The most successful public key cryptosystem in use today is RSA - named for its inventors Rivest, Shamir, and Adleman. I first learned about RSA in grad school from one of my professors, Errol Lloyd, who was one of Ron Rivest's students. Errol is without a doubt the best *teacher* I've ever had (and also a thoroughly nice guy). If you want to go to grad school to study algorithms, you frankly couldn't do better than heading to Delaware to work with Errol. I have very fond memories of Errol's class where we talked about this. He's got a way of teaching where he doesn't come out and *tell* you anything; what he does is ask questions that lead you through the process of figuring it out yourself. That's an incredibly effective way to teach *if* you can carry it off. Personally, I *can't*. And I've never known anyone except Errol who could do it for a topic like RSA encryption!

Anyway, moving on... In general, public key cryptosystems are based on problems that are easy to solve computationally in one direction, but really hard to solve computationally in the other. In the case of RSA, the basic underlying problem involves prime numbers: if you've got two really large prime numbers, then multiplying them together is easy; but if you've got a number that's the product of two really large primes, factoring it is *very* hard.

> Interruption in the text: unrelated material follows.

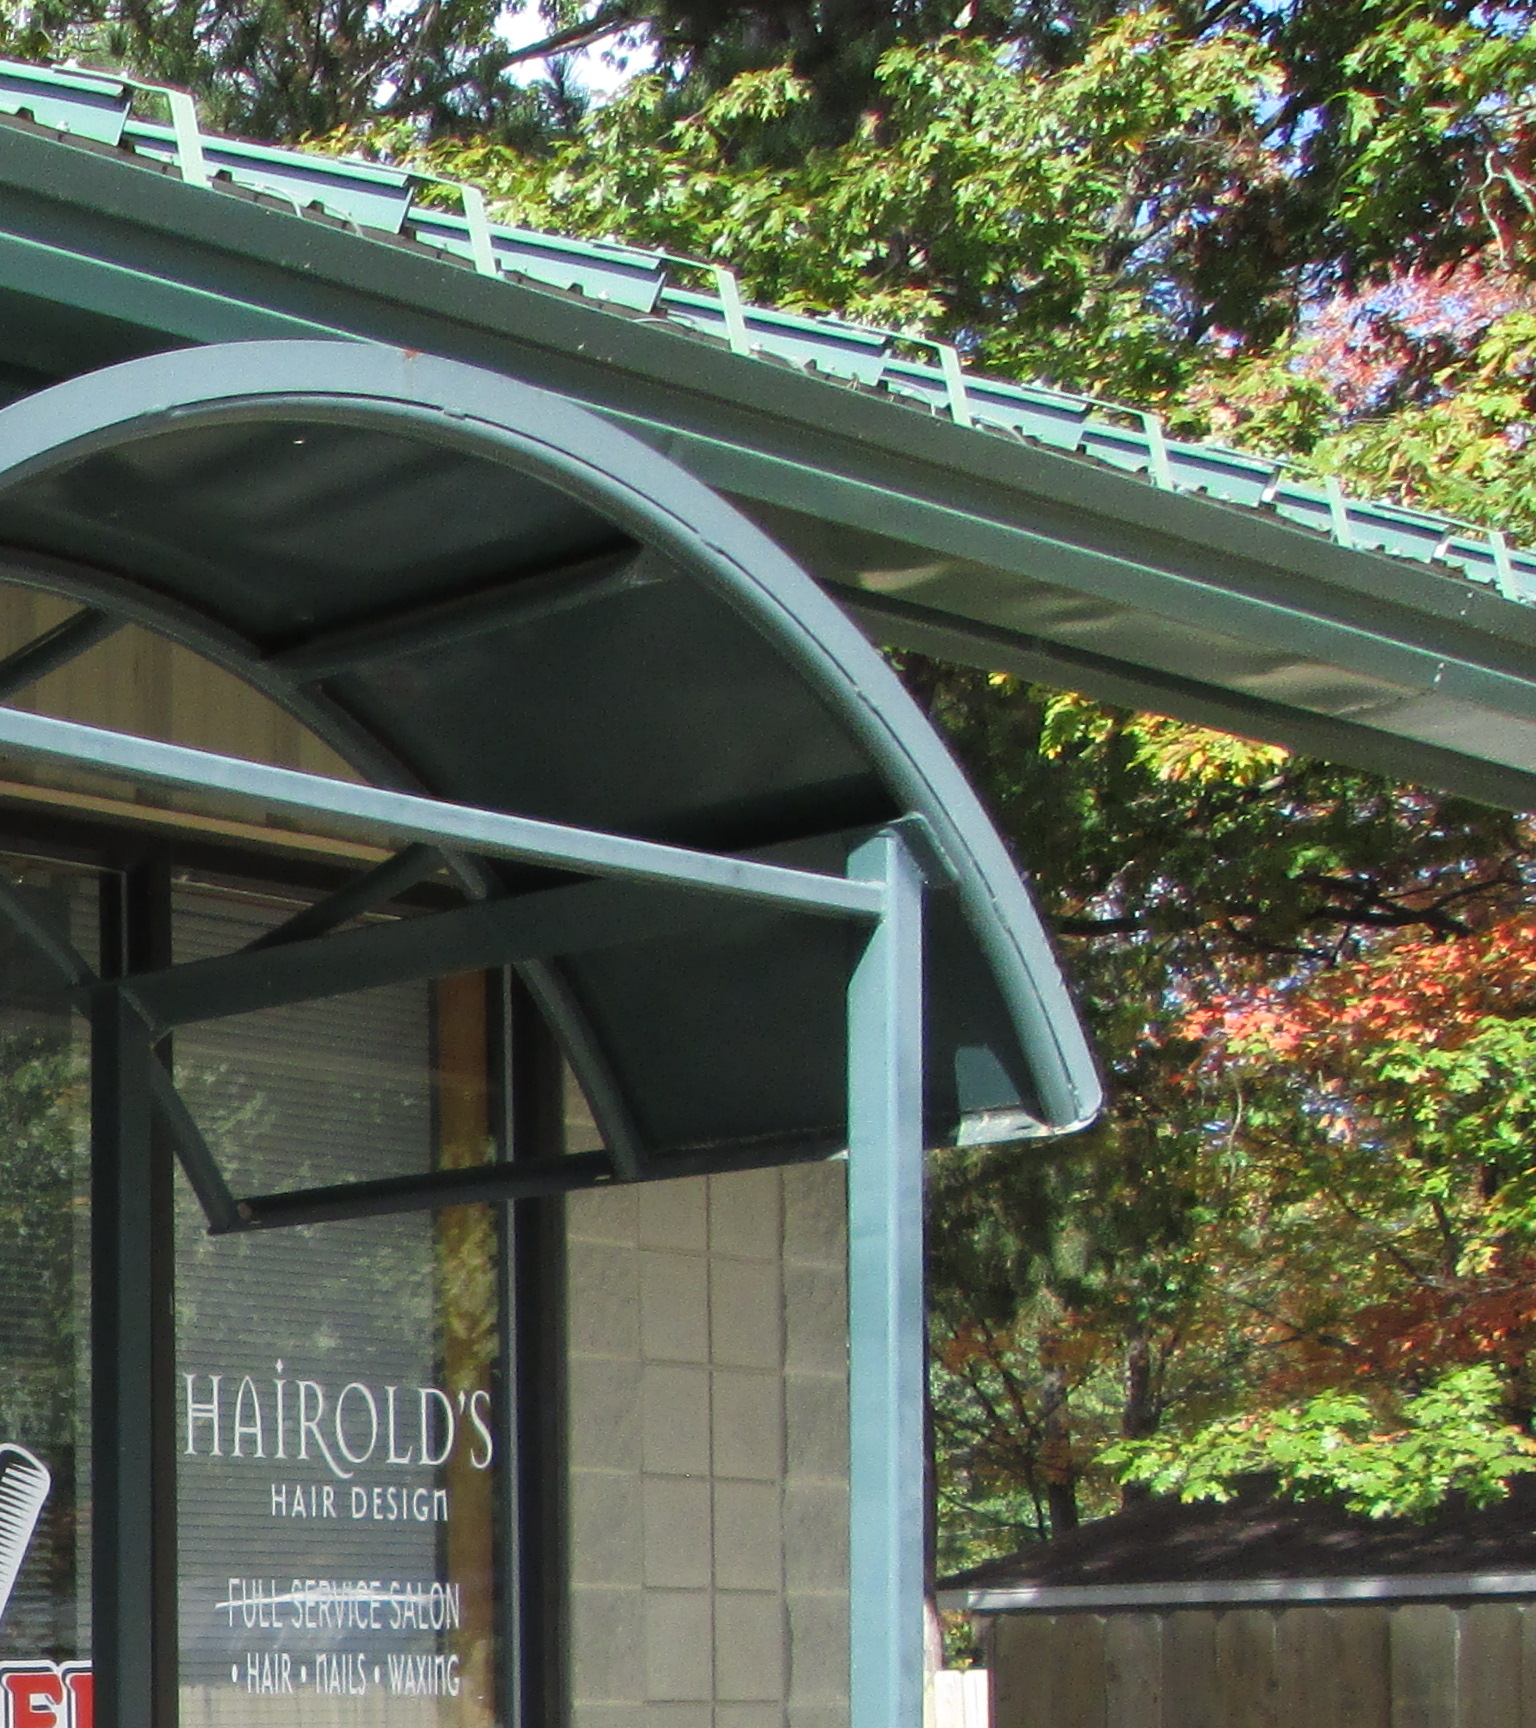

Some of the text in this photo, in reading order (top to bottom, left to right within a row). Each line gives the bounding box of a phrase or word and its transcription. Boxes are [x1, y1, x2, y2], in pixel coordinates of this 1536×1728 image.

[271, 1483, 337, 1519] HAIR
[229, 1578, 460, 1631] FULL SERVICE SALON
[247, 1652, 293, 1694] HAIR
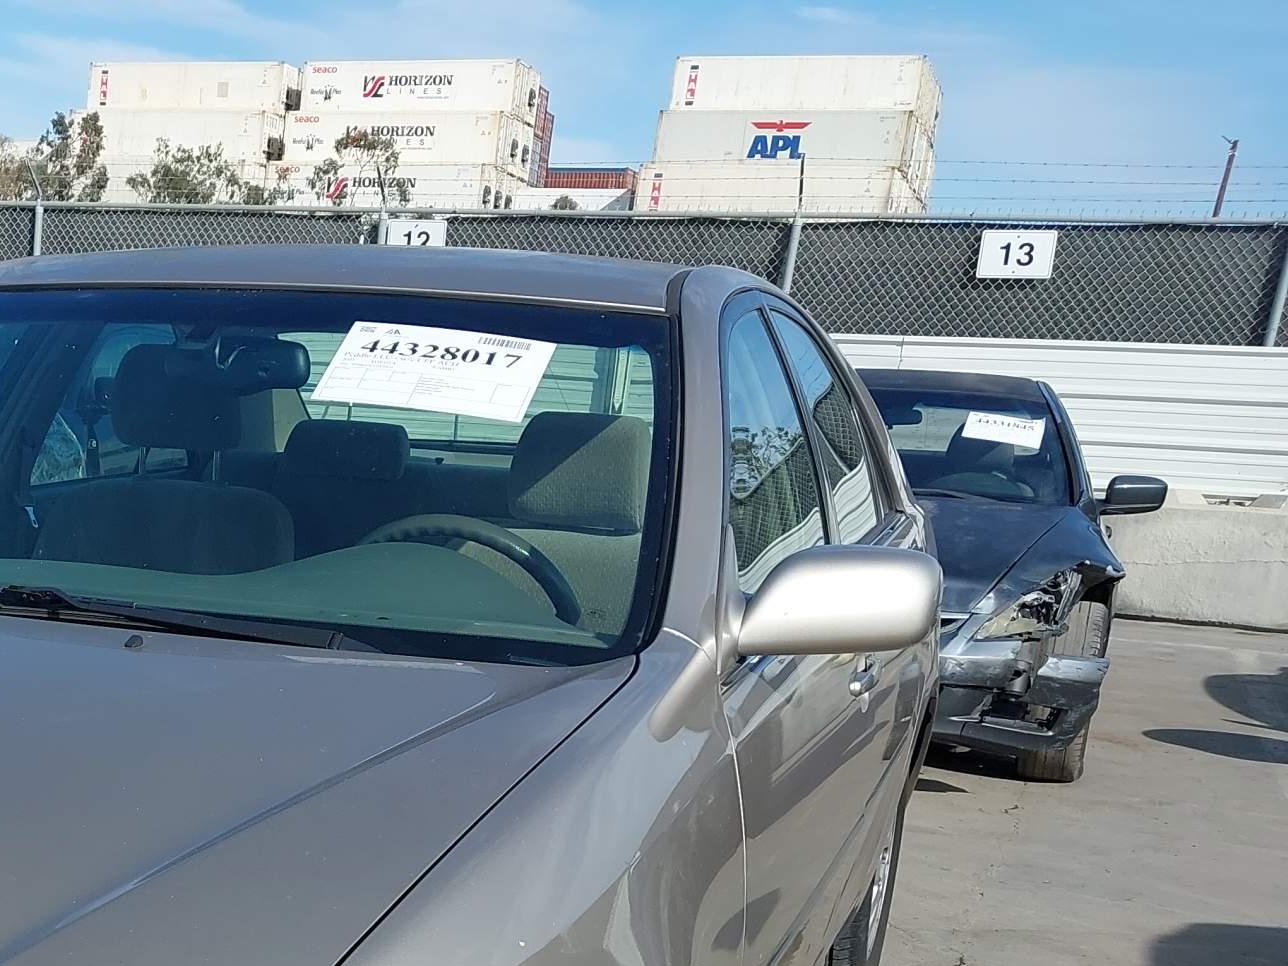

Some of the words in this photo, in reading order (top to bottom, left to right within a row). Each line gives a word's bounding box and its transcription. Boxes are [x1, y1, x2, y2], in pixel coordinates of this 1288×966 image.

One of the things that makes RSA difficult to explain is that it's hard to find a starting point. The actual encryption and decryption processes are so simple that

they seem like they can't possibly work; there's just no way to make sense out

of *why* they work without understanding where the keys come from; but it's strange to describe an encryption system by starting with how to generate keys, when you don't yet know how they're going to get used.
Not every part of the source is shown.